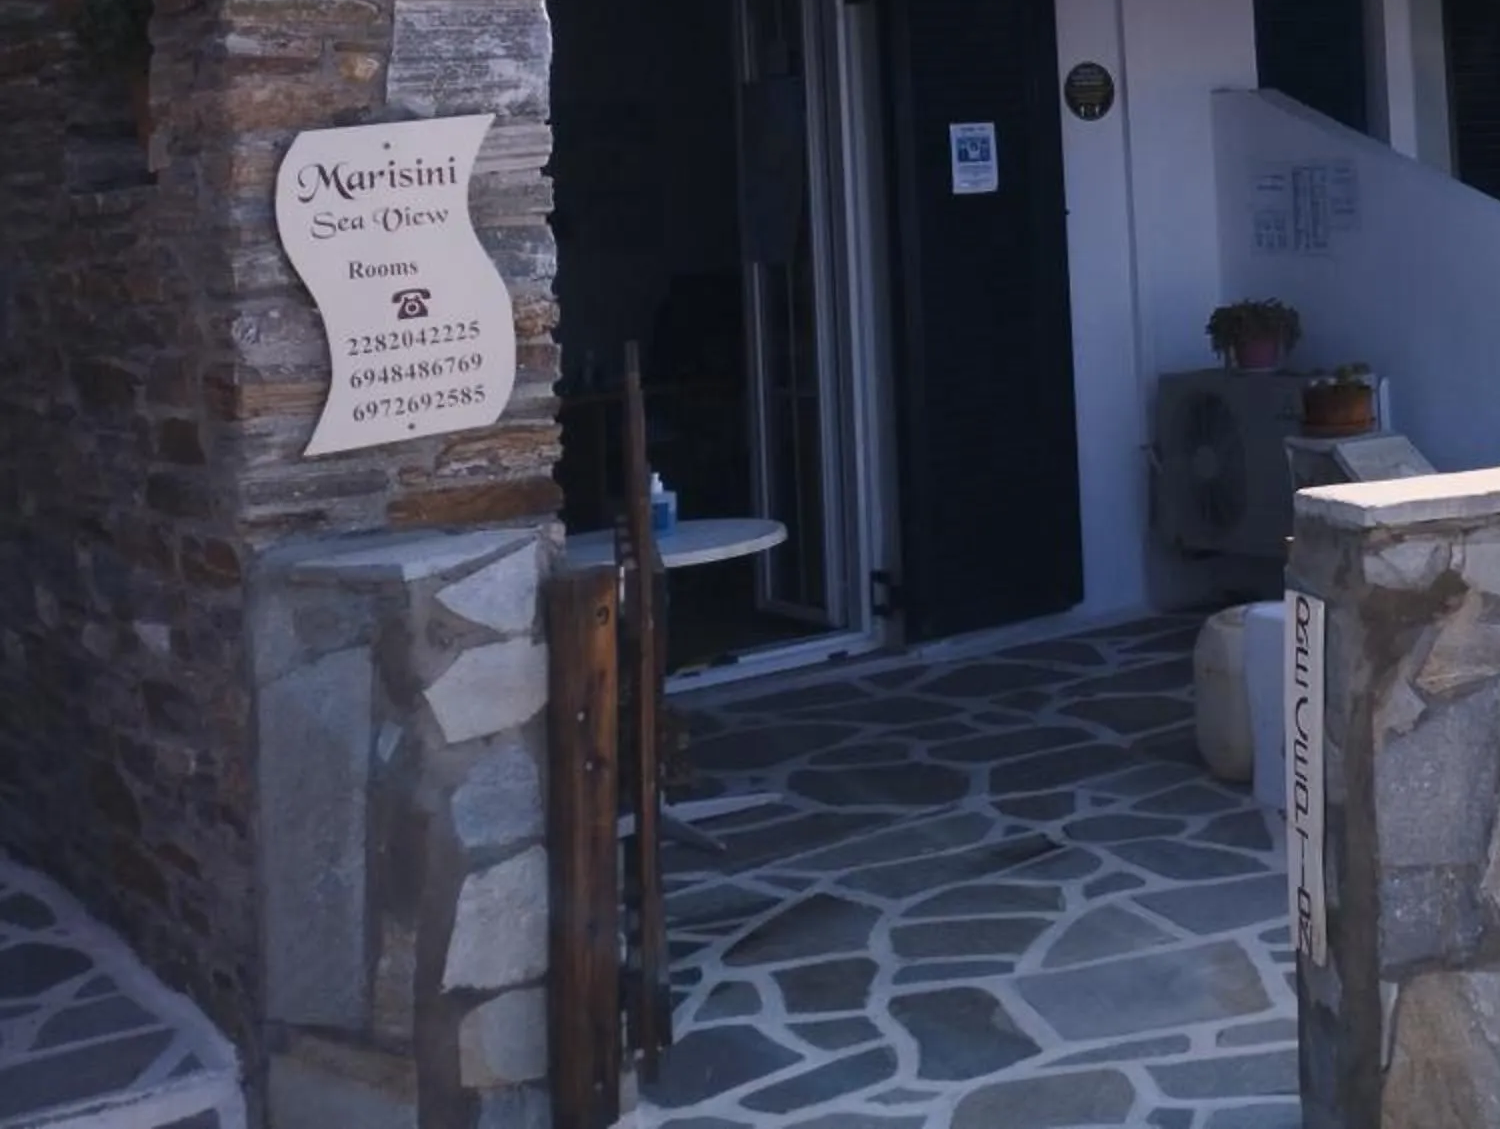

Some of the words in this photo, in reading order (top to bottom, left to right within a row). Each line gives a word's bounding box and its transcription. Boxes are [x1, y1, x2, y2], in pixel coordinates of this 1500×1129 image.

[297, 156, 457, 203] Marisini
[310, 211, 365, 239] Sea
[373, 206, 449, 234] View
[348, 261, 419, 280] Rooms
[346, 320, 481, 357] 2282042225
[350, 353, 482, 389] 6948486769
[352, 384, 486, 422] 6972692585

..............................

Instructions to follow:
All the records need to be repeated exactly, with the images dropped.

Response below:
Some of the words in this photo, in reading order (top to bottom, left to right within a row). Each line gives a word's bounding box and its transcription. Boxes are [x1, y1, x2, y2], in pixel coordinates of this 1500×1129 image.

[297, 156, 457, 203] Marisini
[310, 211, 365, 239] Sea
[373, 206, 449, 234] View
[348, 261, 419, 280] Rooms
[346, 320, 481, 357] 2282042225
[350, 353, 482, 389] 6948486769
[352, 384, 486, 422] 6972692585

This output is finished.